Task statement: Take the line containing "this 1600×1067 image." and every line after it to the end of the records, and copy them exactly, leaving out pictures.

[Stored items]
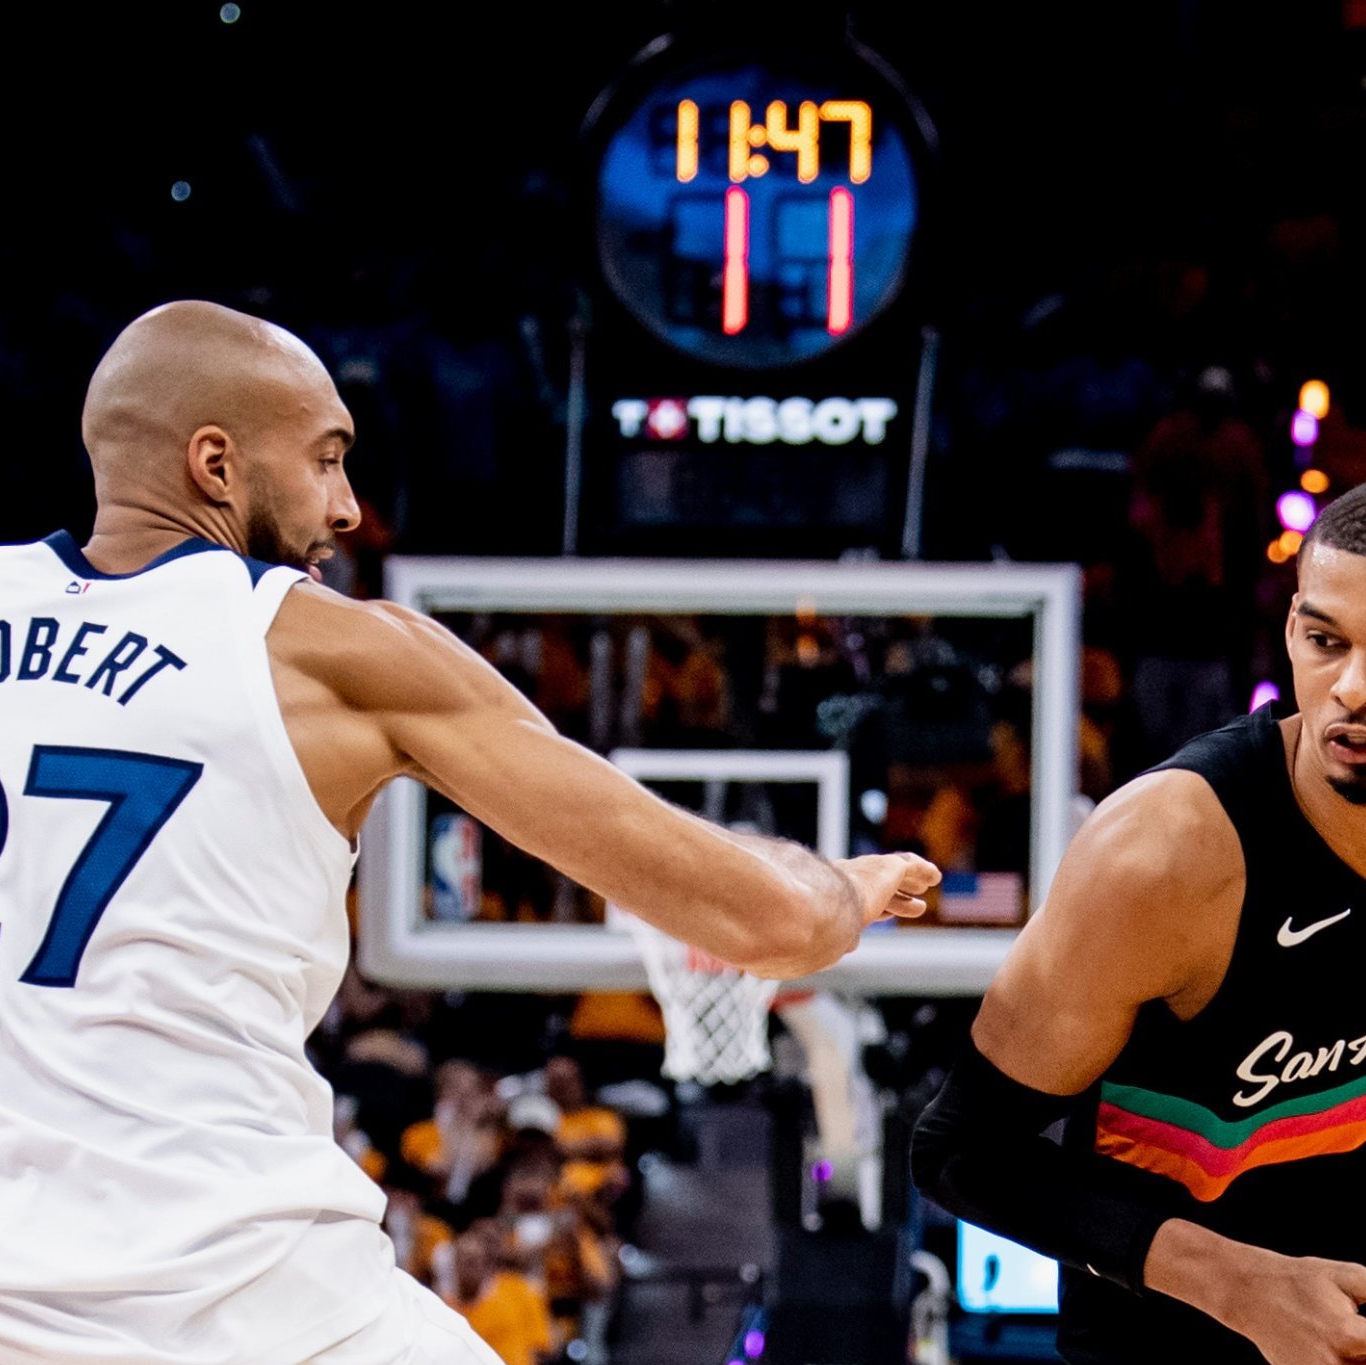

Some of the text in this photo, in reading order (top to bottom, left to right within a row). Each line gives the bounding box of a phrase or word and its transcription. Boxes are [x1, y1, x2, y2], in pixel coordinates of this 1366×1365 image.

[676, 99, 873, 184] 11:47
[687, 396, 898, 445] TISSOT
[1233, 1030, 1346, 1107] San
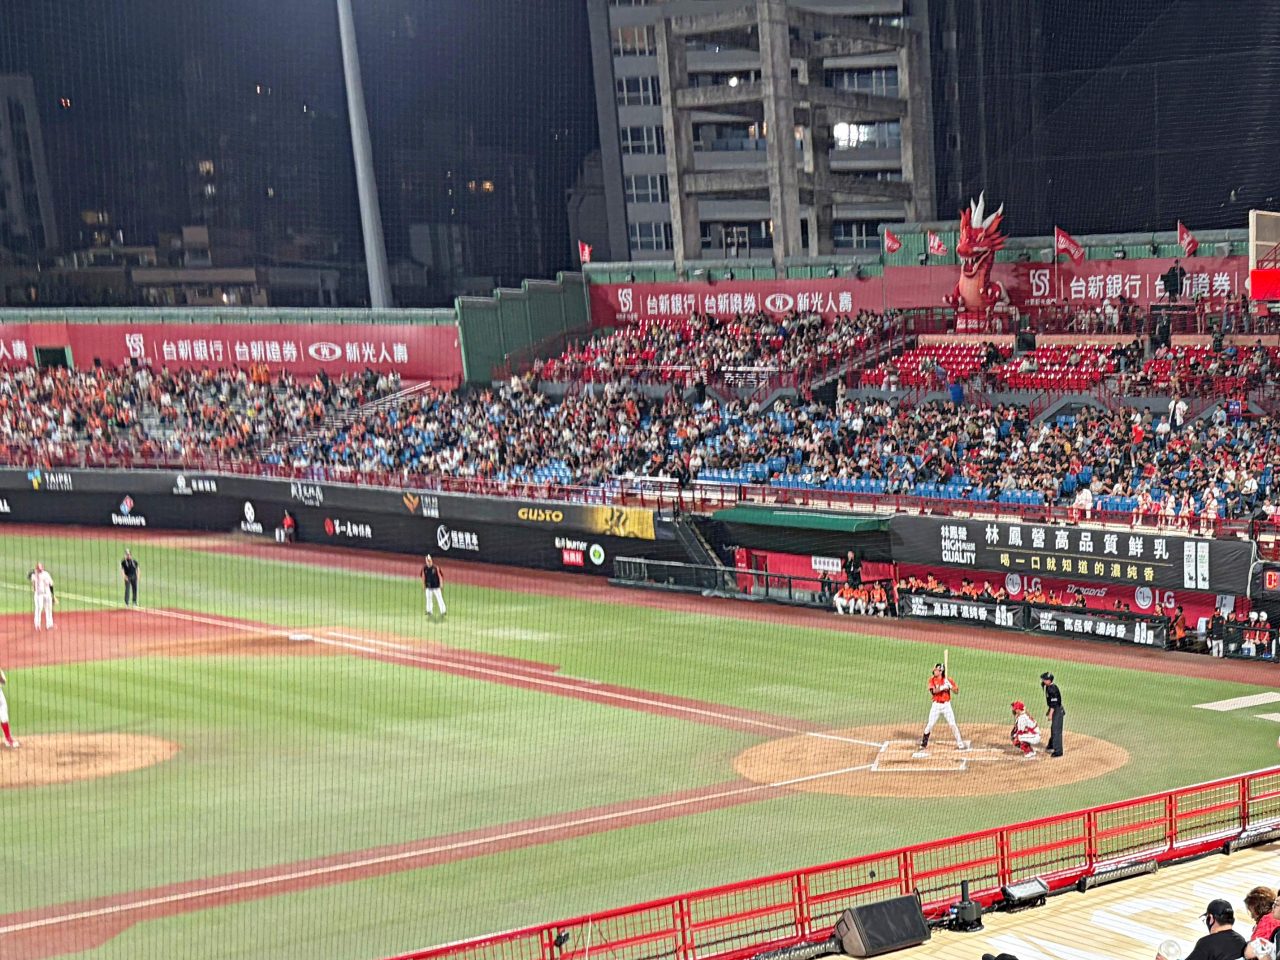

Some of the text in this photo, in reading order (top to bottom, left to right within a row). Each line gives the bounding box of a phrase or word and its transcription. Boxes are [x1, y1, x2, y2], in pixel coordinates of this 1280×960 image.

[1069, 272, 1142, 300] 台新銀行
[646, 293, 696, 316] 台新銀行
[796, 291, 853, 313] 新光人壽
[162, 338, 224, 362] 台新銀行
[345, 341, 409, 364] 新光人壽
[111, 512, 146, 527] Domino's
[517, 507, 564, 523] GUSTO
[941, 538, 963, 551] HIGH
[985, 523, 1170, 560] 林鳳營高品質鮮乳
[941, 550, 977, 565] QUALITY
[1000, 552, 1155, 582] 喝一口就知道的濃純香
[1155, 590, 1175, 608] LG
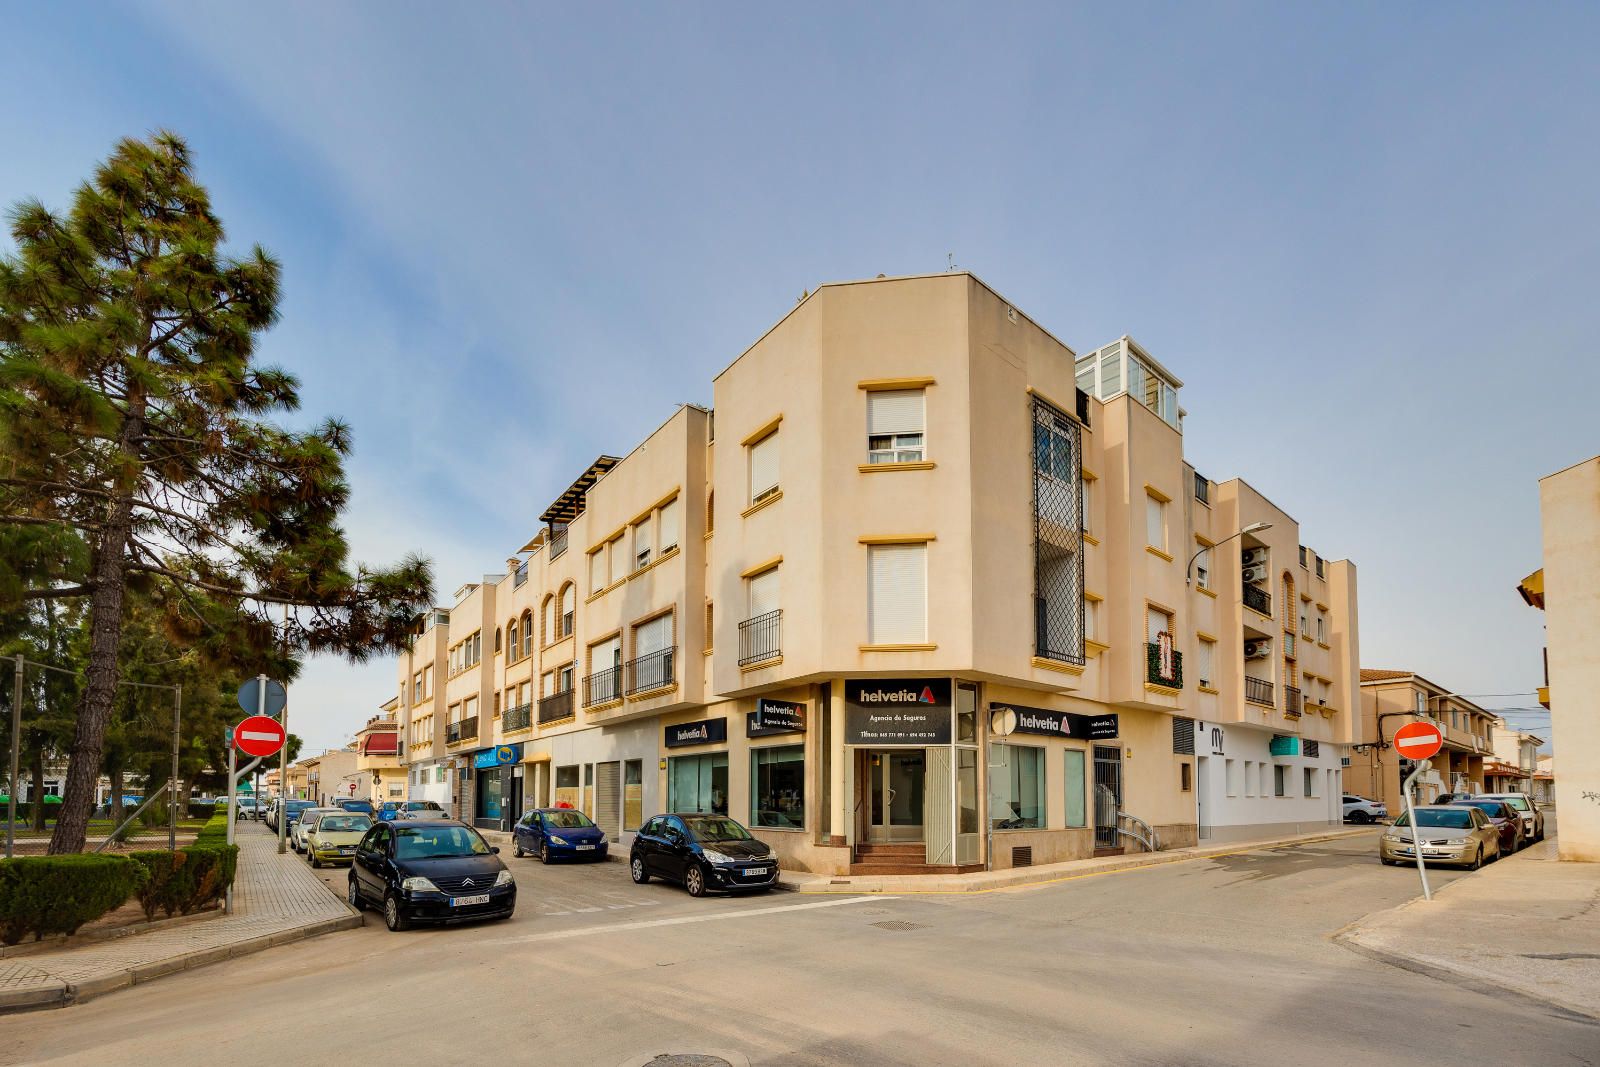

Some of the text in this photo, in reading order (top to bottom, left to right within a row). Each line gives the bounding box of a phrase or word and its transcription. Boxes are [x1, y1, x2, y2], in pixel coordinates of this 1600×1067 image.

[860, 689, 917, 702] helvetia
[764, 703, 794, 715] helvetia
[869, 714, 893, 722] Agencia
[903, 714, 927, 722] Seguros
[1020, 713, 1059, 731] helvetia
[677, 729, 700, 741] helvetia
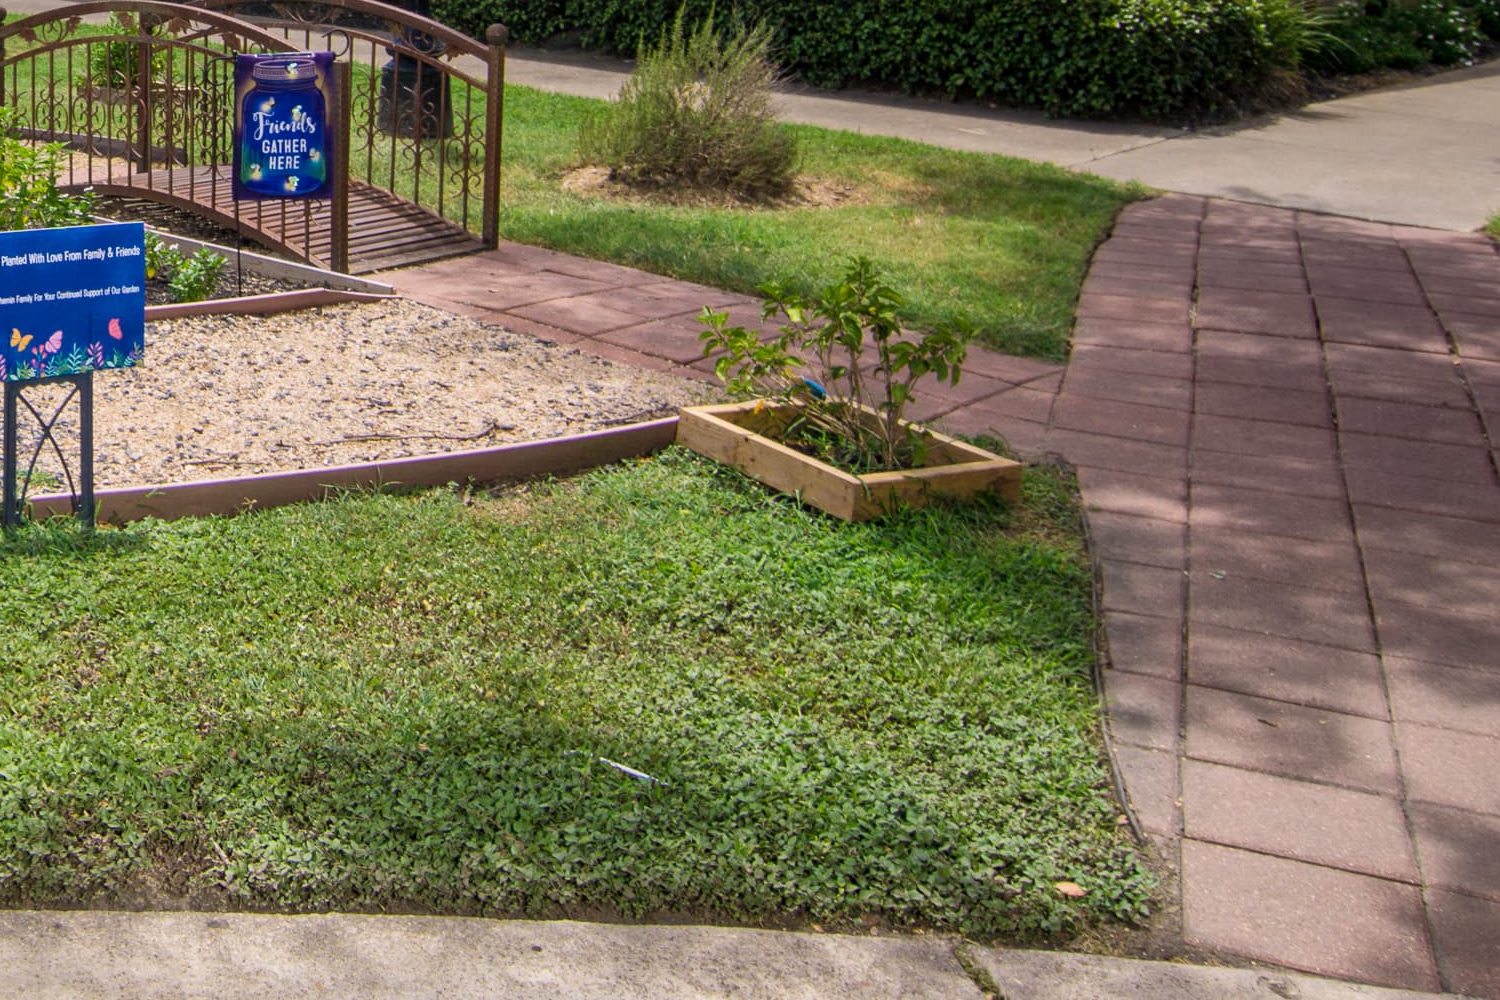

Solved exercise:
Some of the text in this photo, in reading order (top to bottom, left to right within a row). Each line gives the bounding box of a phrase or word and its transcription. Boxes are [x1, y1, x2, y2], in pixel coordinates of this 1600×1067 image.

[860, 689, 917, 702] helvetia
[764, 703, 794, 715] helvetia
[869, 714, 893, 722] Agencia
[903, 714, 927, 722] Seguros
[1020, 713, 1059, 731] helvetia
[677, 729, 700, 741] helvetia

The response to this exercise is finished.